→ **PROMPT**: The listing below should be printed exactly, every line of it. Skip the pictures.
RECORDS PROVIDED section start
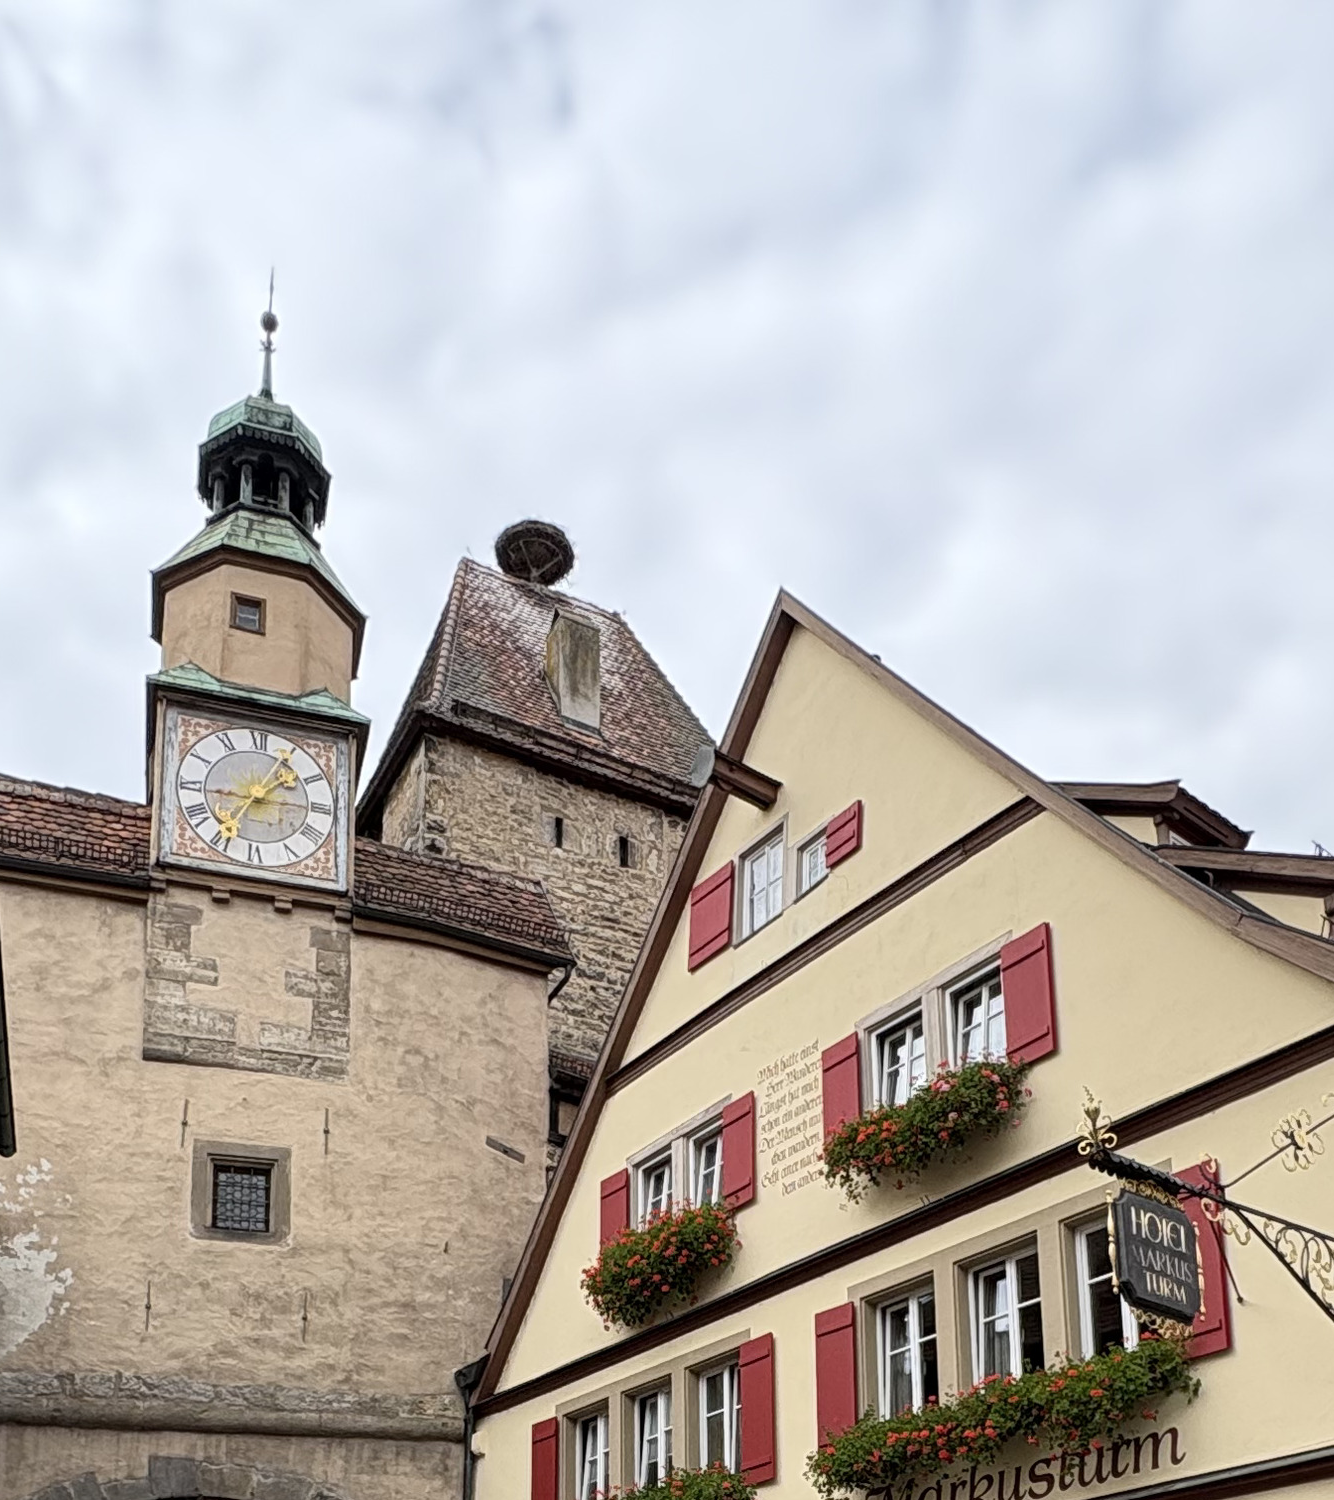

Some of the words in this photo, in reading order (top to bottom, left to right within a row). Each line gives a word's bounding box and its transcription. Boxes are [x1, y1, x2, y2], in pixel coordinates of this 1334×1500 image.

[215, 732, 236, 752] XI
[250, 730, 269, 747] XII
[1130, 1206, 1188, 1254] HOTEL
[1132, 1244, 1193, 1284] MARKUS
[1143, 1271, 1187, 1305] TURM
RECORDS PROVIDED section end
→ **SOLVED EXERCISE**:
Some of the words in this photo, in reading order (top to bottom, left to right within a row). Each line gives a word's bounding box and its transcription. Boxes are [x1, y1, x2, y2], in pixel coordinates of this 1334×1500 image.

[215, 732, 236, 752] XI
[250, 730, 269, 747] XII
[1130, 1206, 1188, 1254] HOTEL
[1132, 1244, 1193, 1284] MARKUS
[1143, 1271, 1187, 1305] TURM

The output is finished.